A friend of mine is reading a book to help him understand his three year old. One of the main points, at least from the introduction, is that 3 year olds often don’t know what they want. And they want exactly what they want, even if they don’t know what they want. (If you think that sounds confusing, it’s because it is. Trust me, I live with two of them.)

The result: kids who are constantly changing their minds about what they want and then getting angry when they don’t get what they want. In our house, it has a particular manifestation that, I have to admit, I think it is pretty funny: the do-over. When something doesn’t go as a monkey wants it to go, he simply reverses his steps and repeats the transaction according to his preferred script.

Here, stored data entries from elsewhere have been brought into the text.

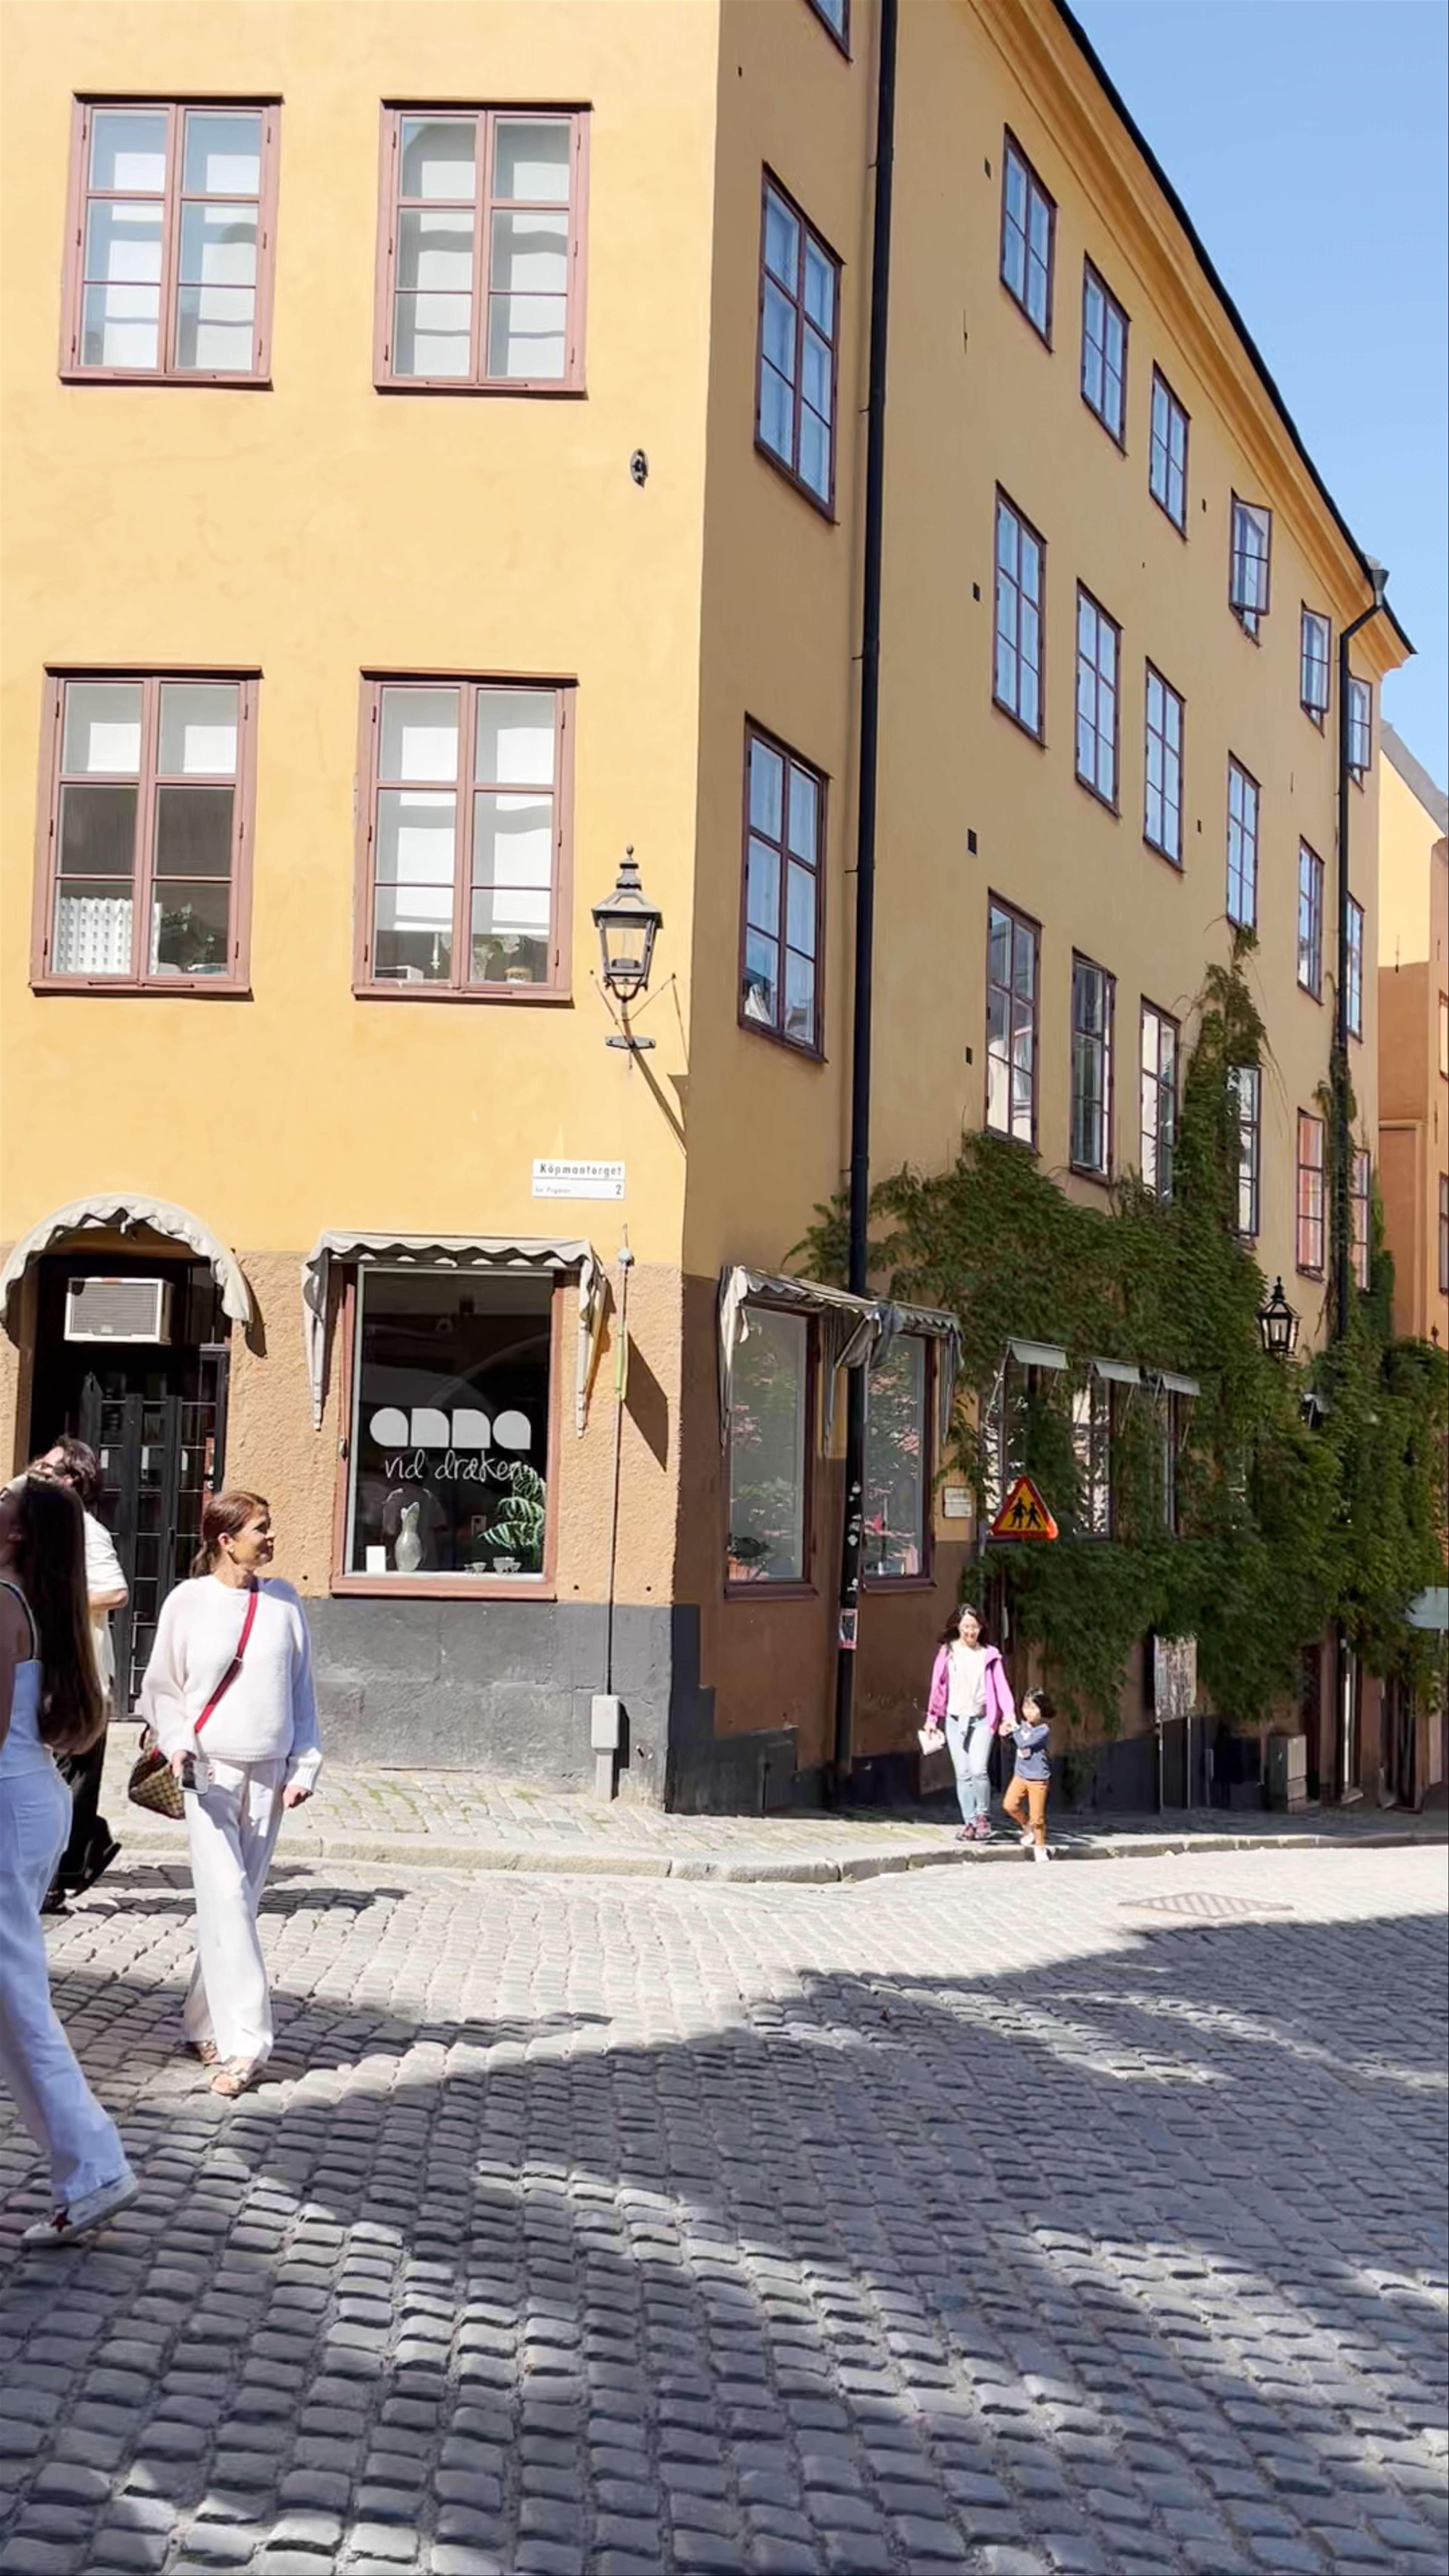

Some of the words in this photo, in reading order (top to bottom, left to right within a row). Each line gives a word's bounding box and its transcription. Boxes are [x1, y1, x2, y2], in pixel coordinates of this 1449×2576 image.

[540, 1163, 621, 1178] Köpmantorget
[616, 1184, 621, 1195] 2
[369, 1407, 531, 1450] anna
[385, 1449, 425, 1479] vid
[434, 1450, 523, 1482] draken

Yesterday, Monkey A wanted to get out of the stroller himself. Of course, he didn’t tell me that, so I helped him out of the stroller. After screaming about this injustice for a minute or two, Monkey A took matters into his own hands. He climbed back into the stroller and climbed out all by himself. That really showed me.

They like to get me involved in the do-over, too. If I come downstairs without them when they wanted me to wait, or in front of them when I should be behind them, they’ll try to forcibly push me back up the stairs so we can do it over again, according to their script. Funny. Sometimes annoying. But remarkably consistent.

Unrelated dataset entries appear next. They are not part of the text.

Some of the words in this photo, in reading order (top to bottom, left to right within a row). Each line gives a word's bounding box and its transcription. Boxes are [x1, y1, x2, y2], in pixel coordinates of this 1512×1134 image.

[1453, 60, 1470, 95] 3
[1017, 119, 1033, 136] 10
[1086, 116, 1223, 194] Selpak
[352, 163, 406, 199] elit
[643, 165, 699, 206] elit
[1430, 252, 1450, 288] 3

I’ve been noting this behavior for a few weeks without quite understanding it. Then the other night, right before bedtime, we got into a battle of the wills over the monkeys putting away their toys before going to bed. I wanted them to, they didn’t want to. I may have yelled a bit. It didn’t help the situation.

After getting them to bed, I realized my folly. If only I had made clean up a game, instead of an ultimatum, we would have gotten a lot further. And bedtime would have been more fun for both of us. All of the sudden, I wanted a do-over. I managed to prevent myself from waking them up to try it again, and waited until the next night to try a better strategy, replaying the interaction according to the script in my head. It went much better. No fighting and they cleaned up most of their toys.

Unlike my monkeys, most of us don’t have partners, colleagues, or clients who will allow us the ‘do-over.’ We can’t just hang up the phone, make the call again, and say the right thing the second time. We can’t impose our desired script on other people. And with adults, it isn’t so easy to erase a prior interaction by just having a new one that works better.

What we can do, though, is do it differently the next time, the next day, in the next hour. Paying attention to when something isn’t working and consciously trying to to make a situation go exactly as planned next time is actually a pretty good strategy, and not just for 3 year olds.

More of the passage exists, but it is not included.